Blog

The Pleiades Parallax

2 September 2014

The Pleiades with stars indicated. NASA, John Lanoue
The Pleiades with stars indicated.

The Pleiades is an asterism in the constellation Taurus. It’s an open cluster of bright stars, which makes it very easy to find in the night sky. So easy that it’s often confused with the big dipper. It also happens to be about 380 light years away. Or 450 light years, depending on which measurement you trust.

The distance to star clusters can be difficult to pin down. With a single star (so long as it isn’t too far away) you can use a method known as parallax. You can see the effect of parallax with a simple experiment. Hold up your thumb at arm’s length, and look at it with only one eye. Without moving your thumb, switch eyes, and you will see that your thumb appears to move relative to more distant objects. This shift is known as a parallax shift. If you bring your thumb closer and do the experiment again, you’ll see that the parallax shift is larger. If it is farther away, the parallax shift is smaller.

In astronomy we can use the changing position of Earth in its orbit as the shift in perspective, and distant background stars as a reference for the parallax. But in star clusters that becomes a challenge. It is difficult to distinguish distant background stars with stars in the cluster, so it is hard to find a reference for the parallax. With the Pleiades this has led to some debate as to its distance.

The VLBI result compared with Hipparcos and others. Carl Melis, et al
The VLBI result compared with Hipparcos and others.

The Hubble space telescope has made parallax observations of three stars in the cluster, and found a distance of 440 light years, and ground based parallax observations also give a similar distance. But the results of a space telescope known as Hipparcos gave a parallax measurement of about 385 light years. You might argue that if you have several distance measurements, and one of these is not like the others, the outlier is probably wrong. But in this case Hipparcos, also known as the High Precision Parallax Collecting Satellite, was specifically designed to measure stellar distances, so one would think it should be correct. This became known as the Hipparcos anomaly.

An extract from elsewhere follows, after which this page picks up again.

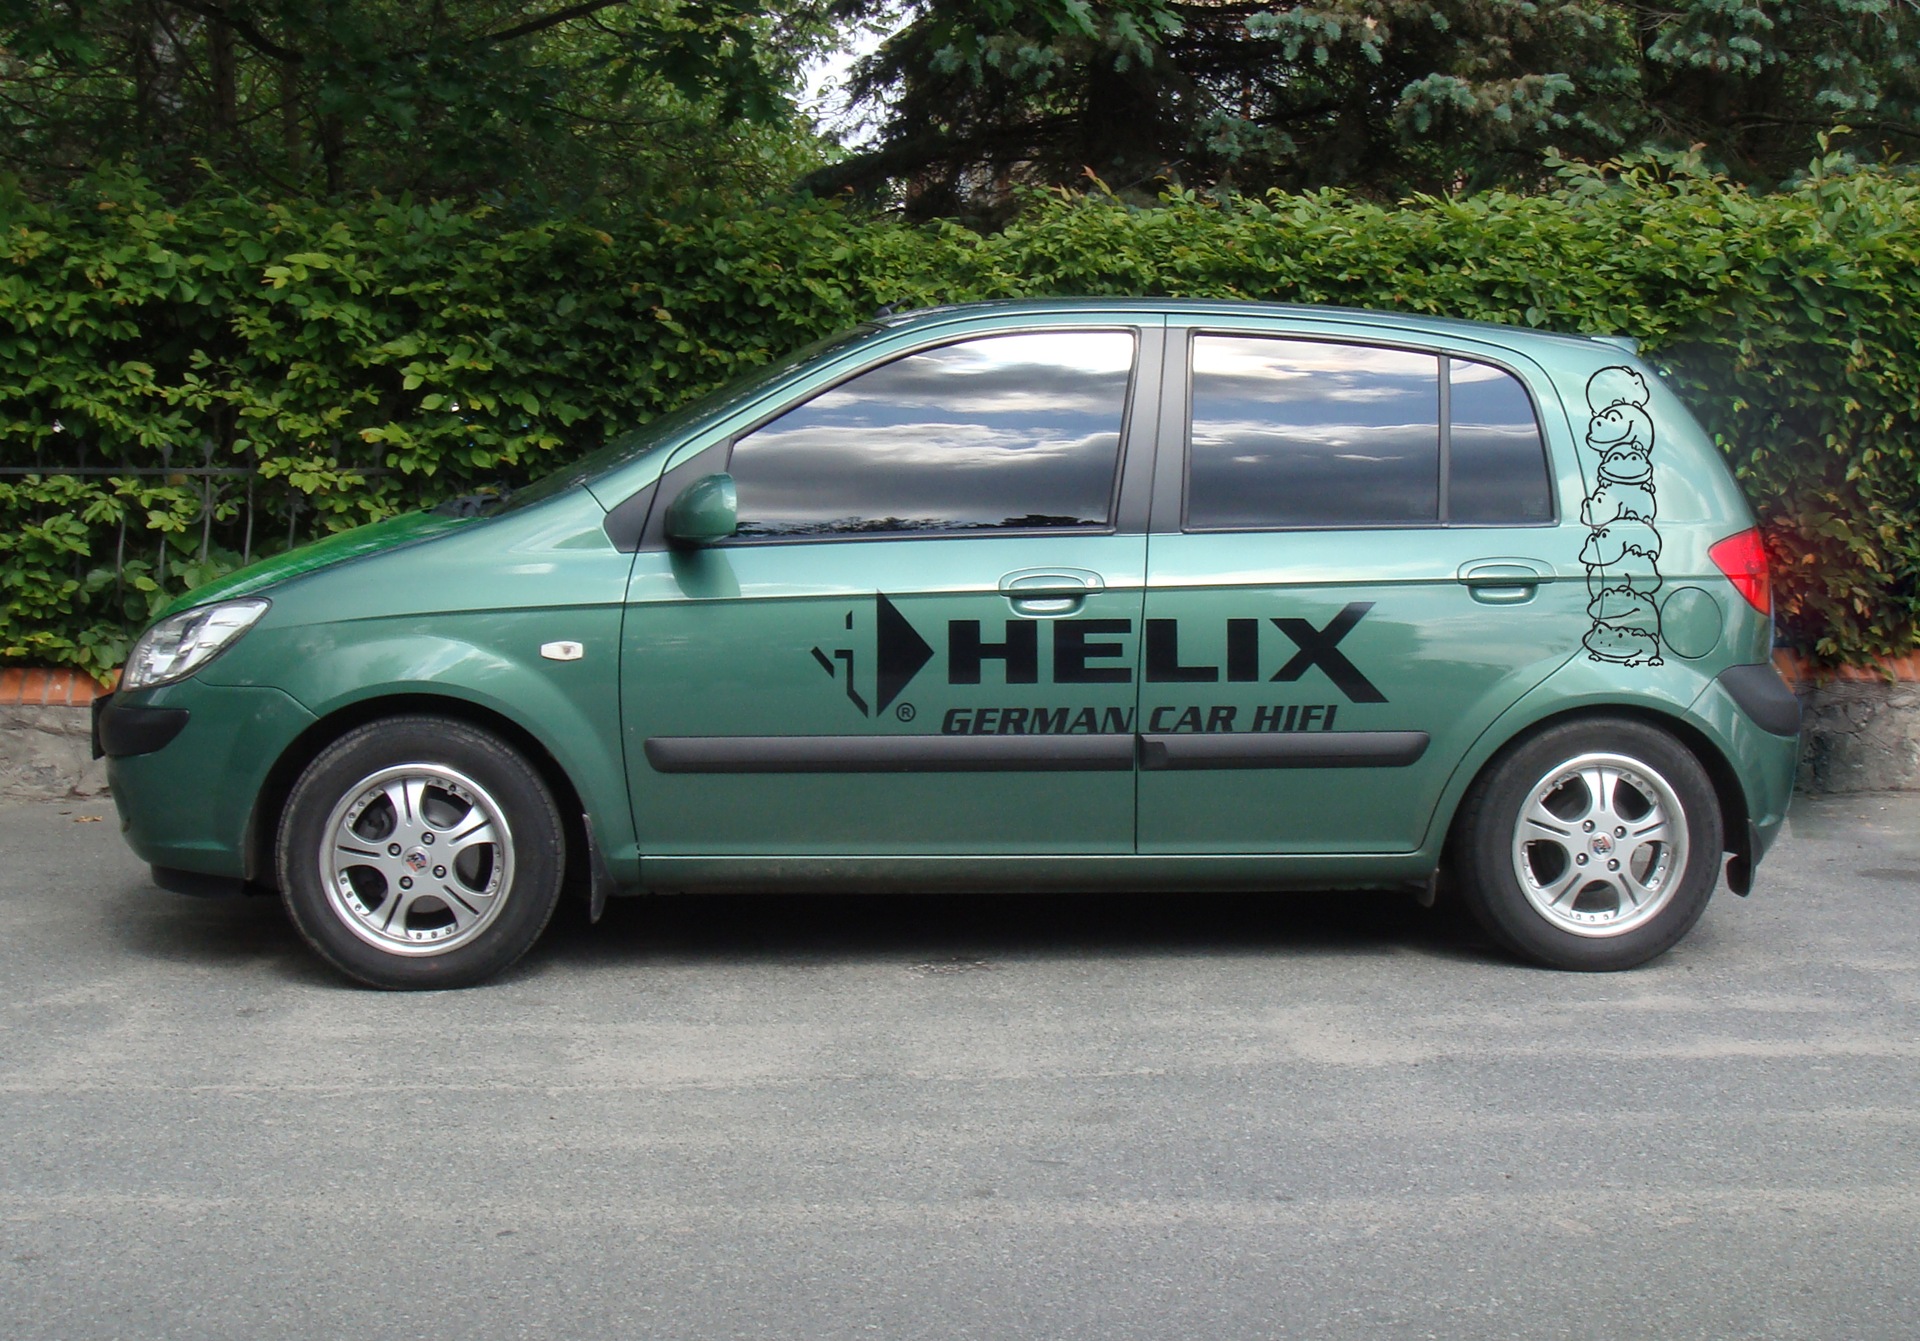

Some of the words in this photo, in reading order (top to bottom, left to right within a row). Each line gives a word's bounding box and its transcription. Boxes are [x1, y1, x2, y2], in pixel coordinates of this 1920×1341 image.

[948, 602, 1390, 703] HELIX
[941, 706, 1135, 734] GERMAN
[1148, 705, 1238, 732] CAR
[1251, 704, 1338, 731] HIFI

This week in Science a new measurement of the distance to the Pleiades has been presented, and it clearly shows that Hipparcos is wrong.1 The authors used observations from the Very Long Baseline radio Interferometry (VLBI) radio telescope array, from which they made a precise parallax measure of several stars in the cluster. What they found is that the cluster is 440.0 light years away, confirming earlier observations, and invalidating the Hipparcos result.

This result is important for two reasons. First, it confirms that our understanding of young bright stars is correct. If the Hipparcos results were right, then stars in the Pleiades would be dimmer than stellar models predict. We now know that these stars are as bright as models had predicted. Second, it raises questions about other stellar distance measurements made by Hipparcos. The satellite was specifically designed to measure stellar distances, and if it is 10% off for the Pleiades, it could be equally wrong about other star clusters.

This latter issue could be resolved with new satellite known as Gaia, which will also look at the parallax of various stars. It is still in the process of coming online, but when it does astronomers are going to look very closely at its measurements to ensure it doesn’t have a similar systematic bias.